(Assignment) Print the data exactly as written, but leave out each picture.
== == ==
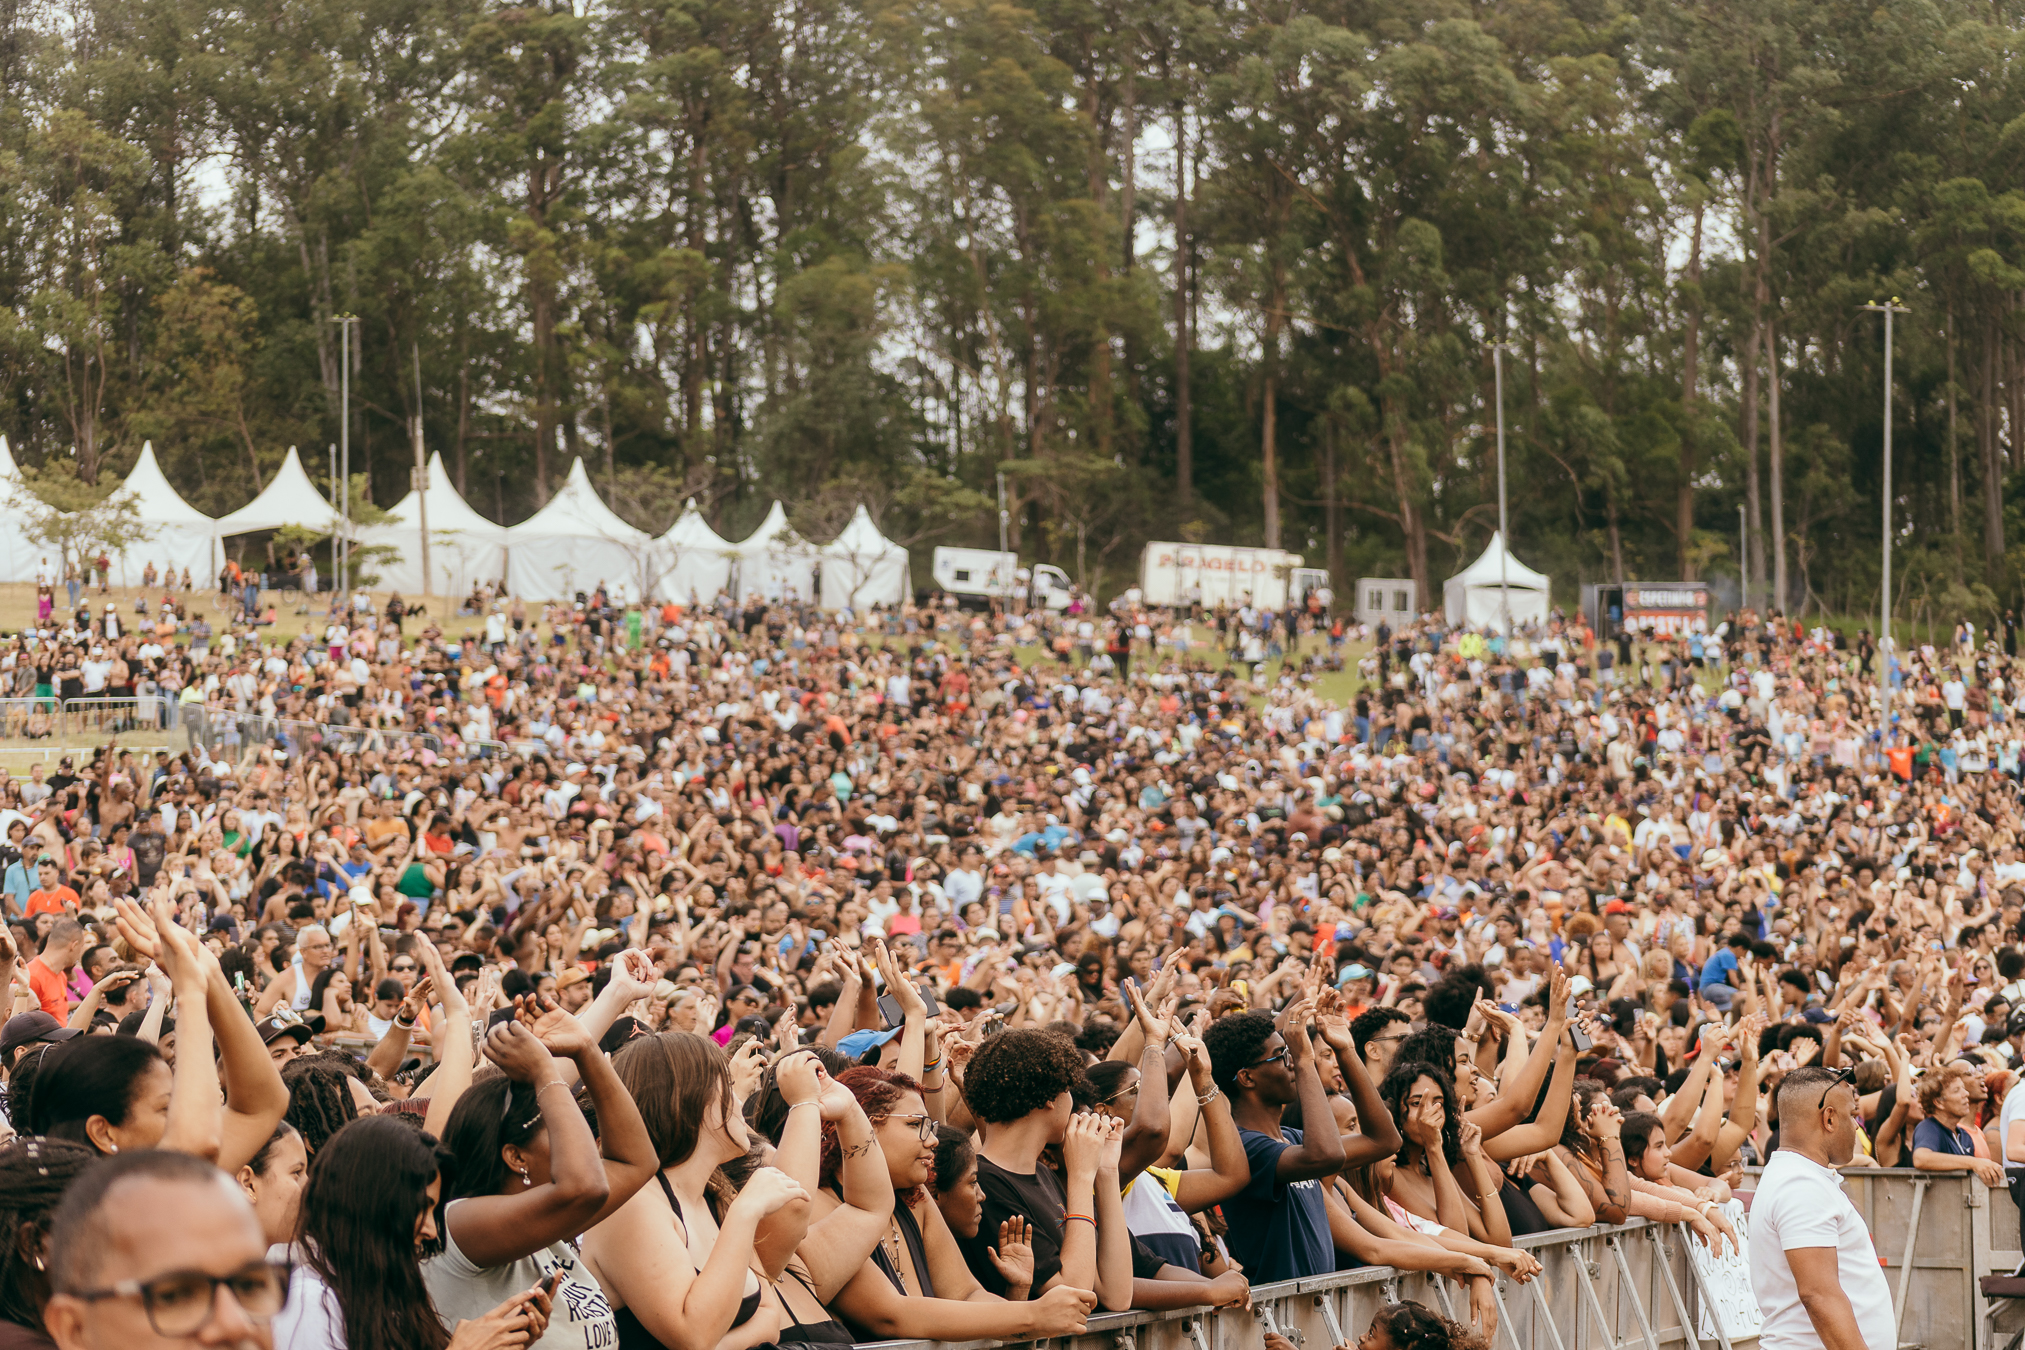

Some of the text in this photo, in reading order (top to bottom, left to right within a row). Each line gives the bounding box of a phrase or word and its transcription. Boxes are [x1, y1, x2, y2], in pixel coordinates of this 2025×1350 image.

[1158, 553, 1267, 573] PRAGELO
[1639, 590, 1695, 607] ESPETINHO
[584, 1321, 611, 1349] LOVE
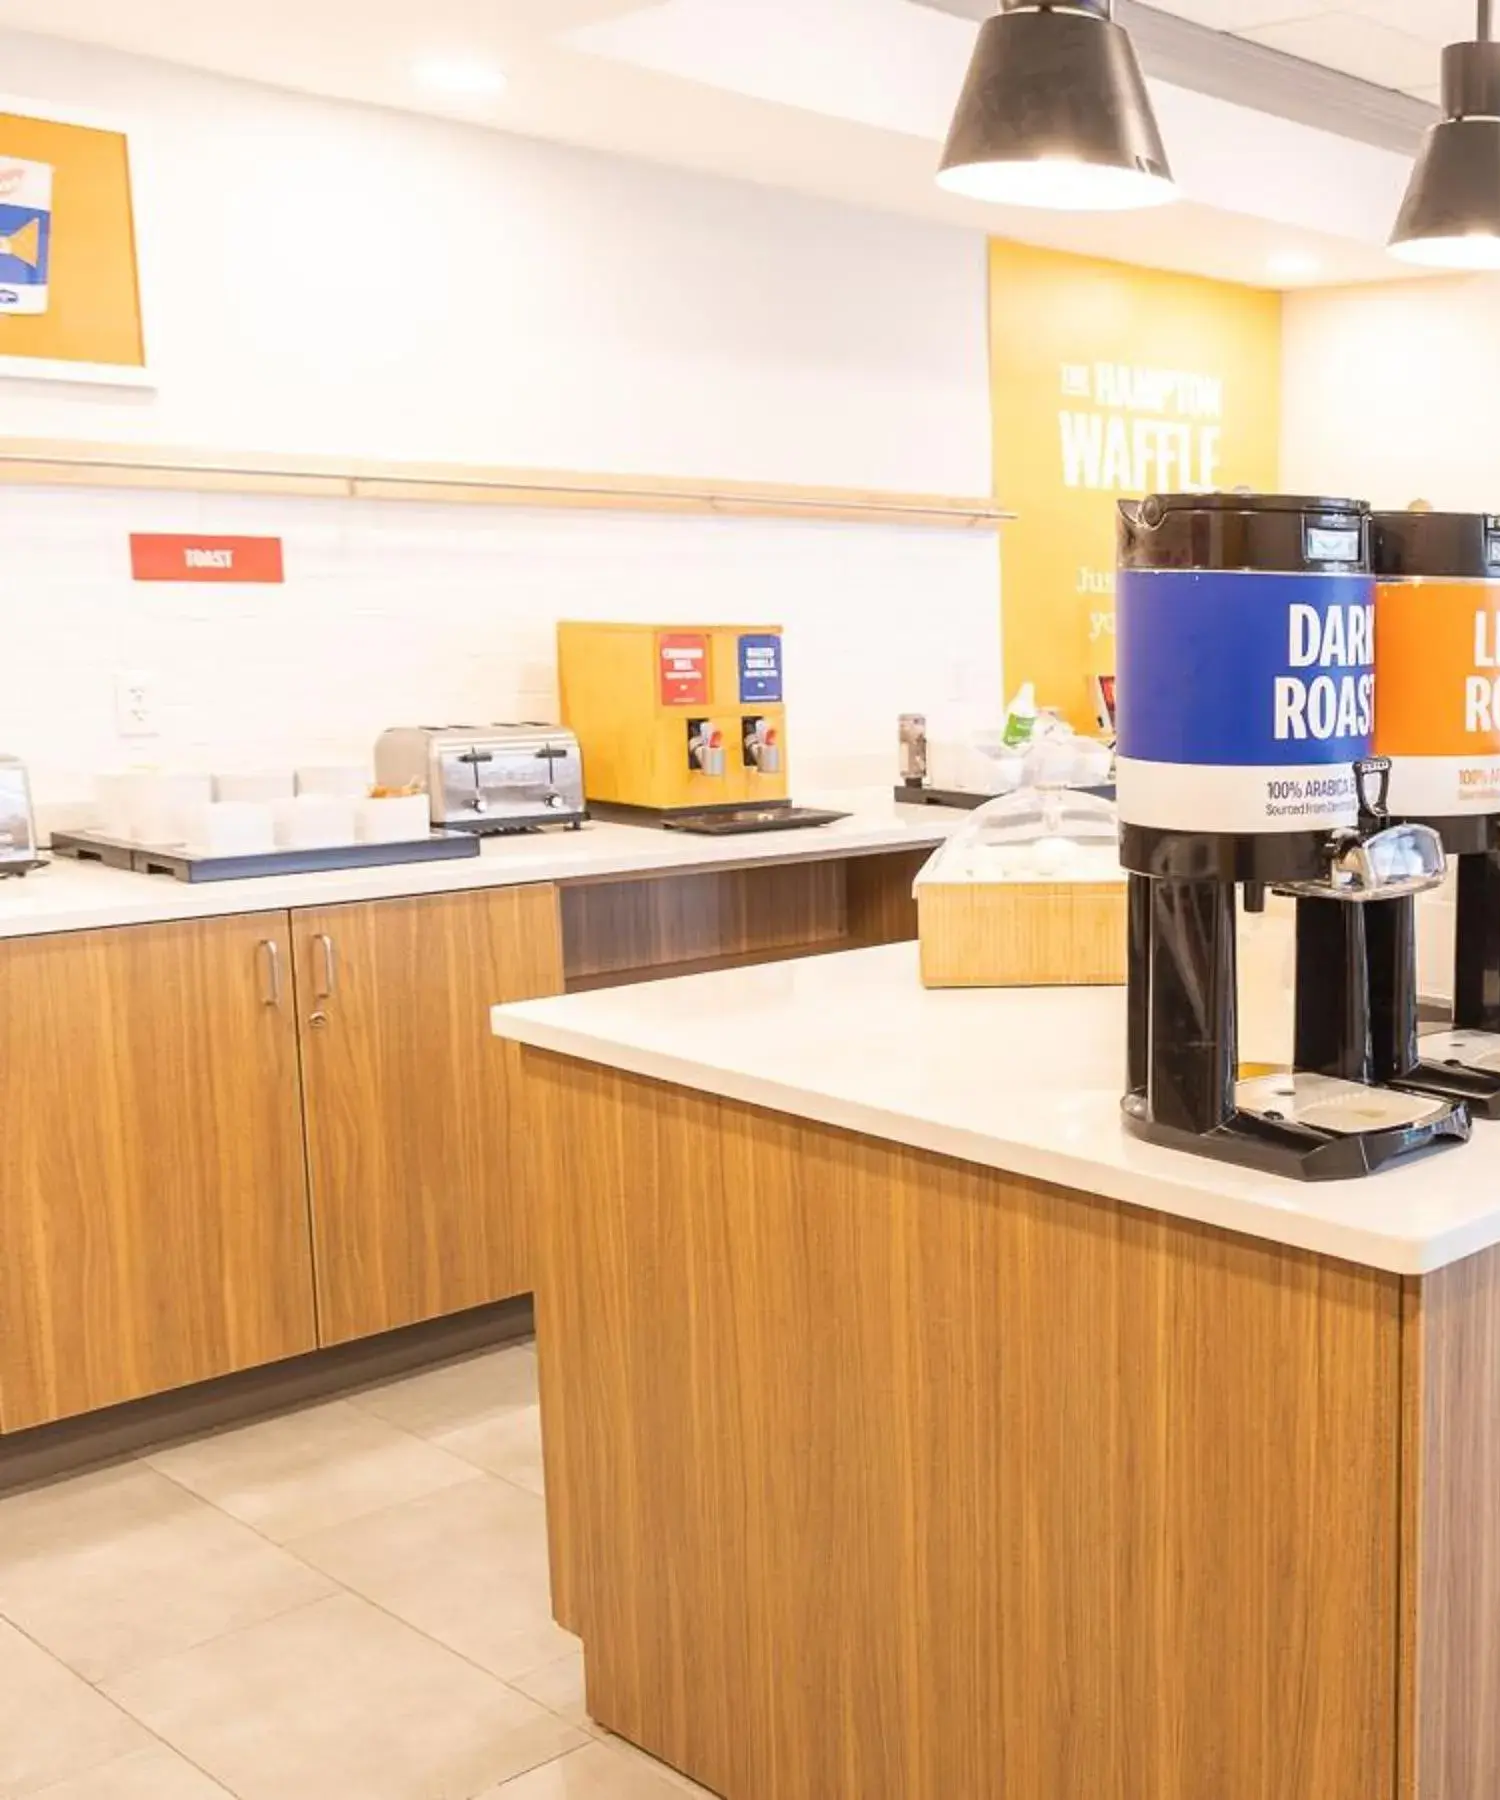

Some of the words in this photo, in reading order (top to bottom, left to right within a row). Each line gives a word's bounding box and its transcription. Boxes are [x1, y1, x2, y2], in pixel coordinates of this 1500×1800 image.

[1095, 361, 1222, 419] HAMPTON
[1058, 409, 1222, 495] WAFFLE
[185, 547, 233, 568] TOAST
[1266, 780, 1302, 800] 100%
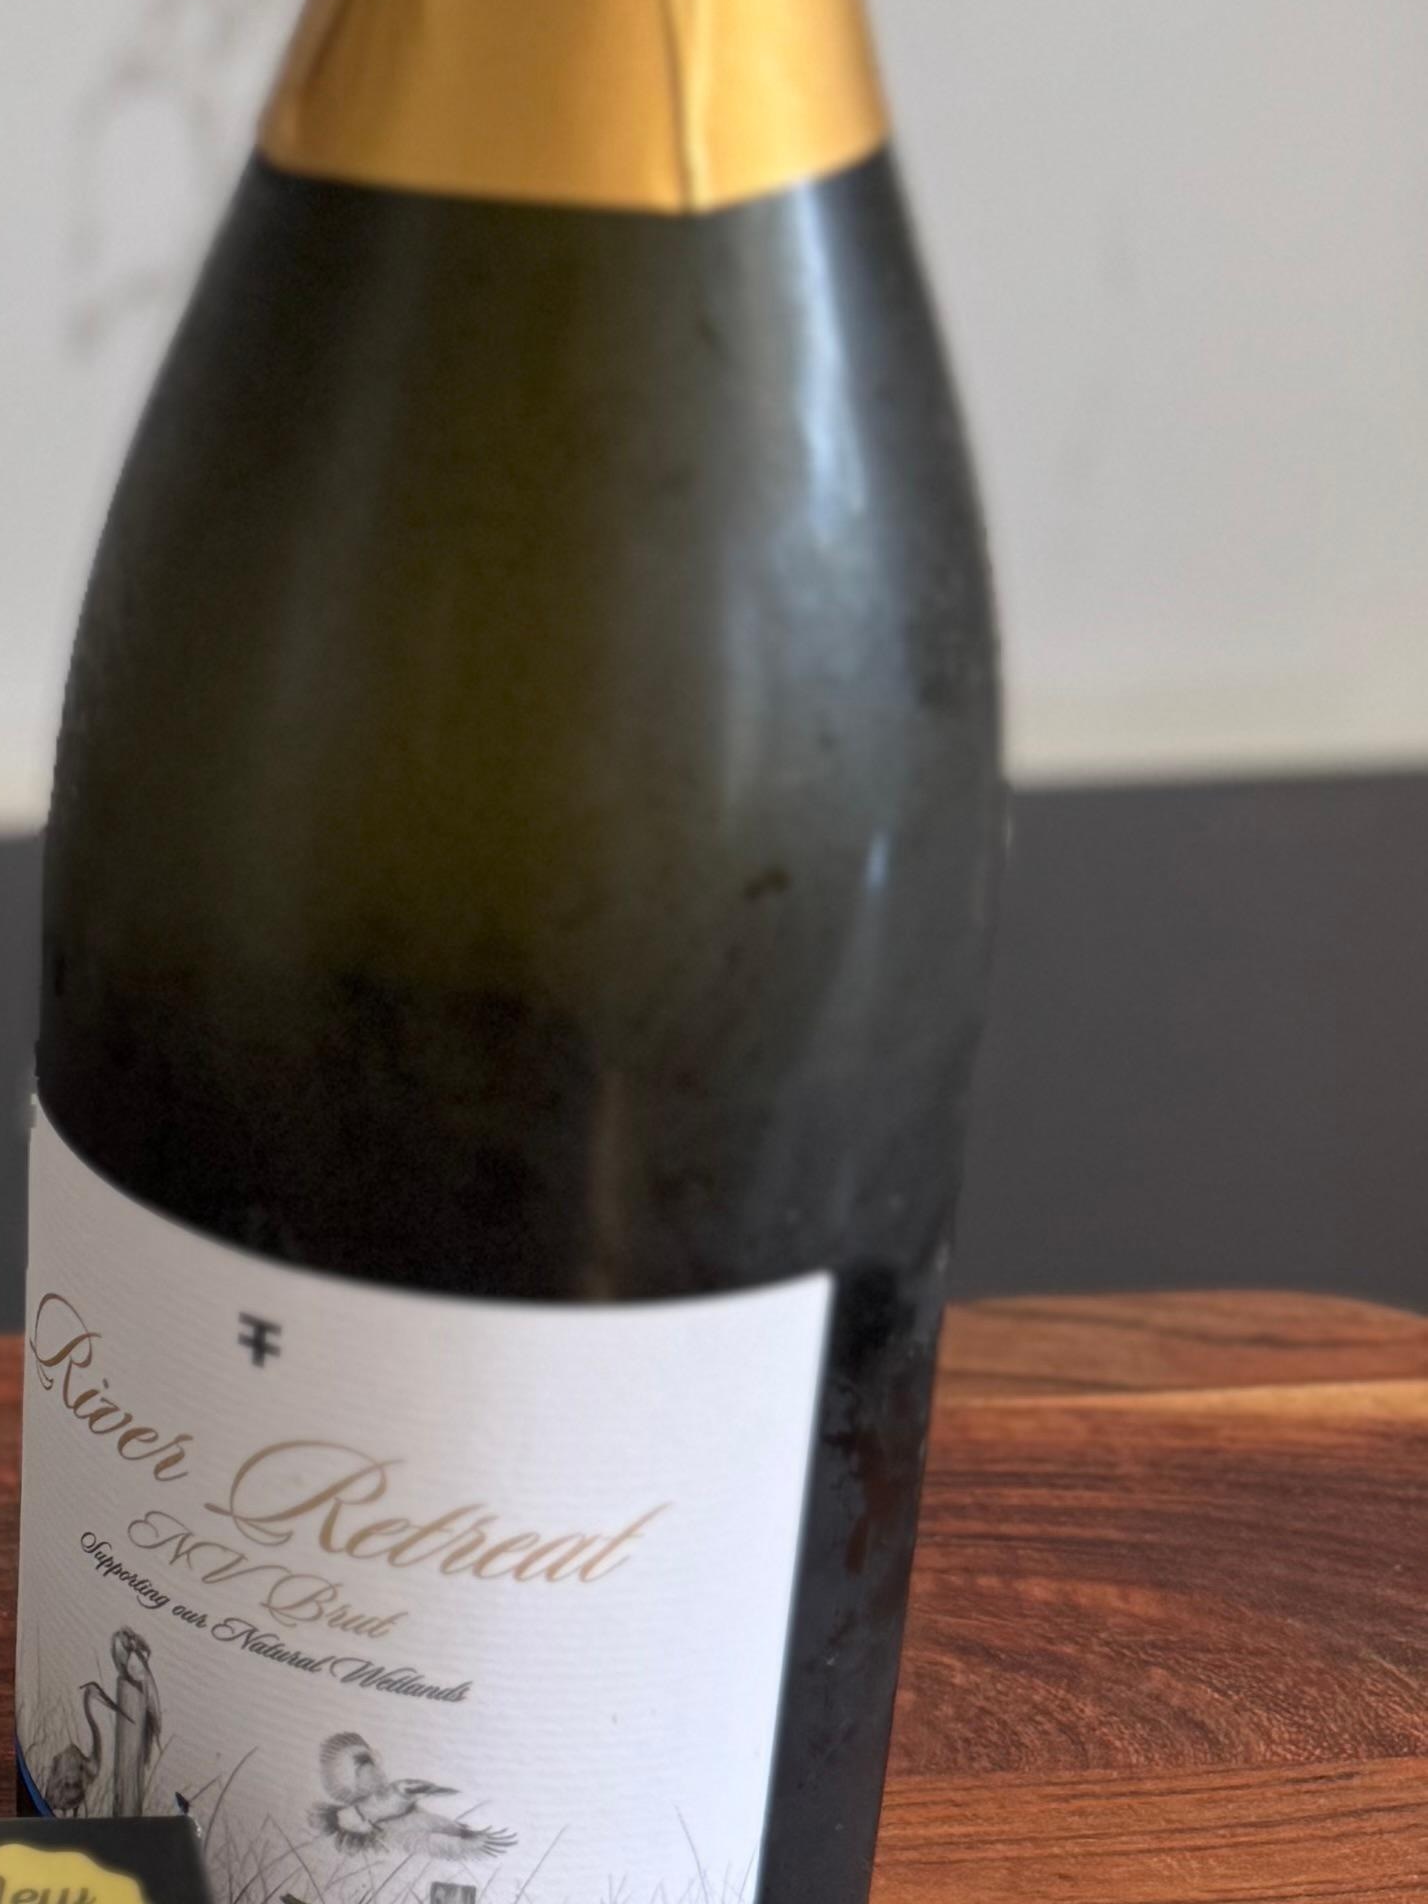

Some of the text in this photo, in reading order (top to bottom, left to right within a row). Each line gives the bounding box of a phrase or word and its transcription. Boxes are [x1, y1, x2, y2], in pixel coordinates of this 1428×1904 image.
== == ==
(Exercise response)
Some of the text in this photo, in reading order (top to bottom, left to right within a row). Each line gives the bounding box of a phrase or word and its transcription. Boxes are [x1, y1, x2, y2], in pixel coordinates of this 2025×1350 image.

[1158, 553, 1267, 573] PRAGELO
[1639, 590, 1695, 607] ESPETINHO
[584, 1321, 611, 1349] LOVE

Some of the words in this photo, in reading order (top to bottom, left to right within a row). Each line gives a word's bounding box and its transcription. Boxes are [x1, y1, x2, y2], in pixel coordinates of this 1500×1800 image.

[1095, 361, 1222, 419] HAMPTON
[1058, 409, 1222, 495] WAFFLE
[185, 547, 233, 568] TOAST
[1266, 780, 1302, 800] 100%

Some of the text in this photo, in reading order (top to bottom, left to right within a row). Each line gives the bounding box of a phrase or word and its transcription. Boxes are [x1, y1, x2, y2], in pixel coordinates of this 1428×1904 image.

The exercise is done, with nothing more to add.